------ Exercise data

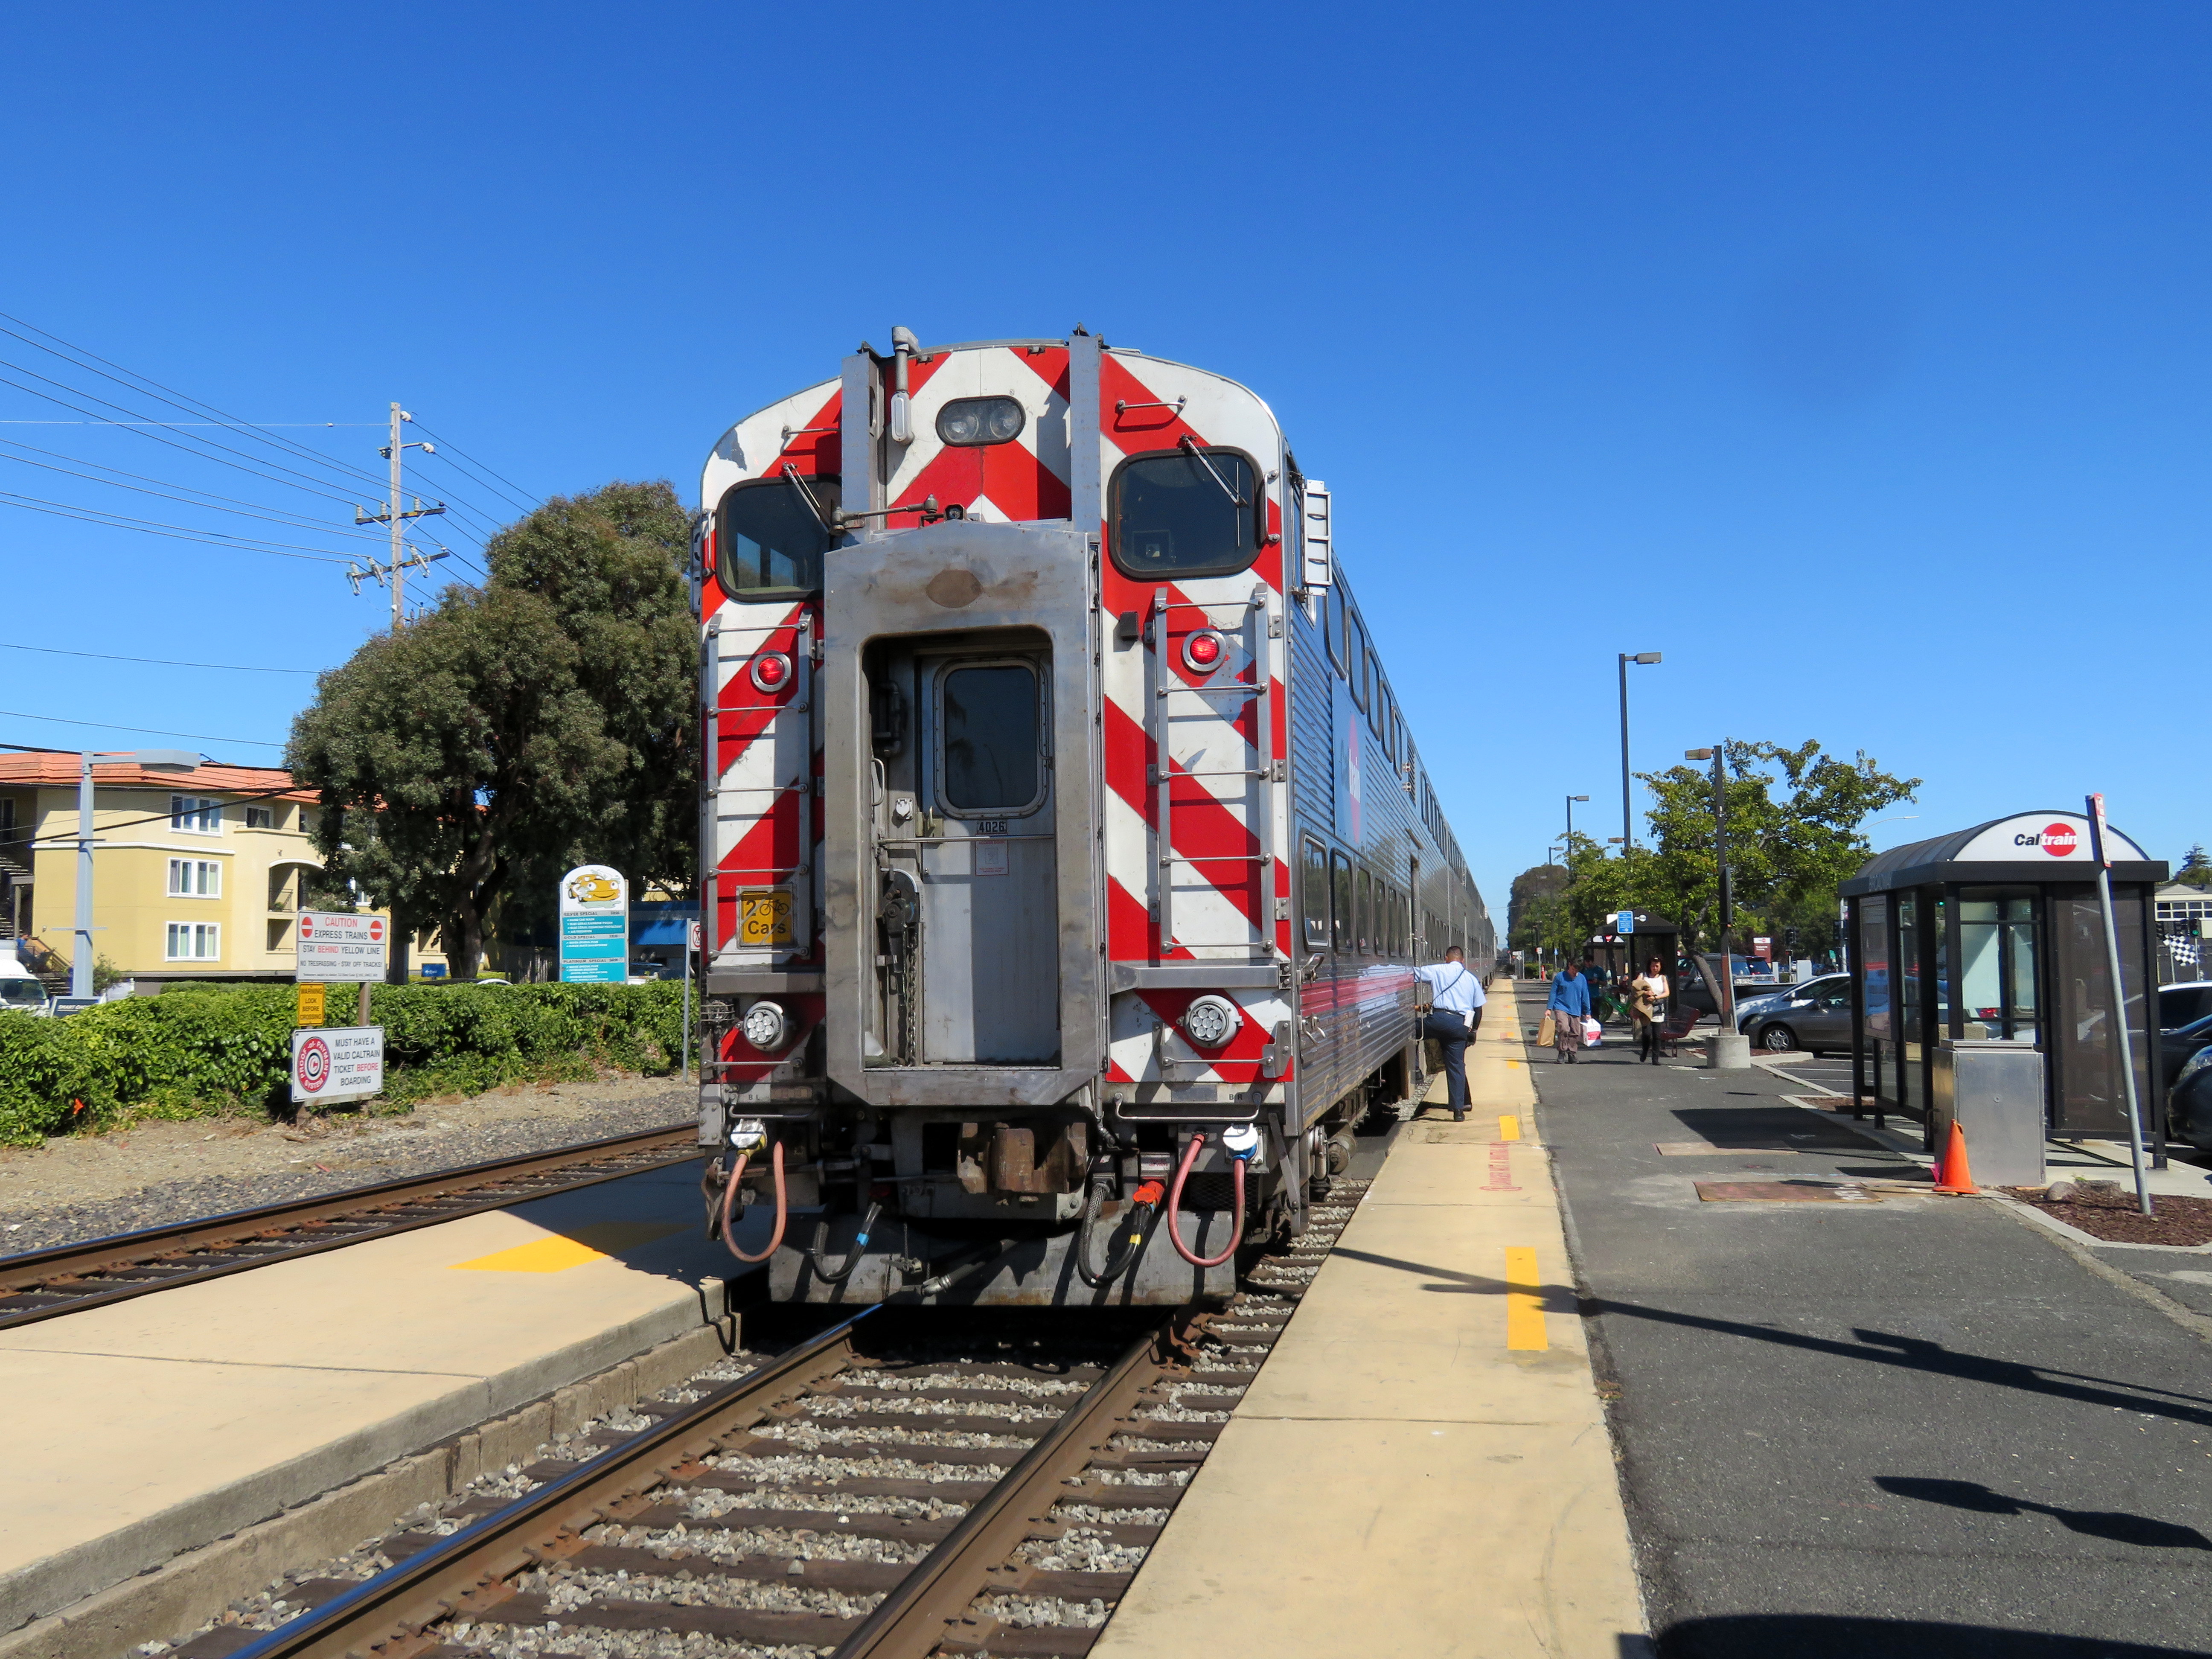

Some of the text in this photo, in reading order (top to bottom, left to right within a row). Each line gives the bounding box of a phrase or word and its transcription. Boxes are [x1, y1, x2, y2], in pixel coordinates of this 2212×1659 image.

[979, 821, 1005, 832] 4026
[2014, 832, 2078, 846] Caltrain
[746, 899, 757, 916] 2
[325, 917, 358, 927] CAUTION
[748, 920, 786, 935] Cars
[314, 930, 368, 940] EXPRESS TRAINS
[335, 1039, 352, 1047] MUST
[354, 1038, 370, 1046] HAVE
[317, 1041, 329, 1078] PAYMENT
[333, 1049, 380, 1060] VALID CALTRAIN
[334, 1062, 378, 1074] TICKET BEFORE
[304, 1078, 323, 1089] SYSTEM
[340, 1076, 371, 1086] BOARDING

------------

Task brief:
Copy every record character for character. Skip the pictures.

Response below:
Some of the text in this photo, in reading order (top to bottom, left to right within a row). Each line gives the bounding box of a phrase or word and its transcription. Boxes are [x1, y1, x2, y2], in pixel coordinates of this 2212×1659 image.

[979, 821, 1005, 832] 4026
[2014, 832, 2078, 846] Caltrain
[746, 899, 757, 916] 2
[325, 917, 358, 927] CAUTION
[748, 920, 786, 935] Cars
[314, 930, 368, 940] EXPRESS TRAINS
[335, 1039, 352, 1047] MUST
[354, 1038, 370, 1046] HAVE
[317, 1041, 329, 1078] PAYMENT
[333, 1049, 380, 1060] VALID CALTRAIN
[334, 1062, 378, 1074] TICKET BEFORE
[304, 1078, 323, 1089] SYSTEM
[340, 1076, 371, 1086] BOARDING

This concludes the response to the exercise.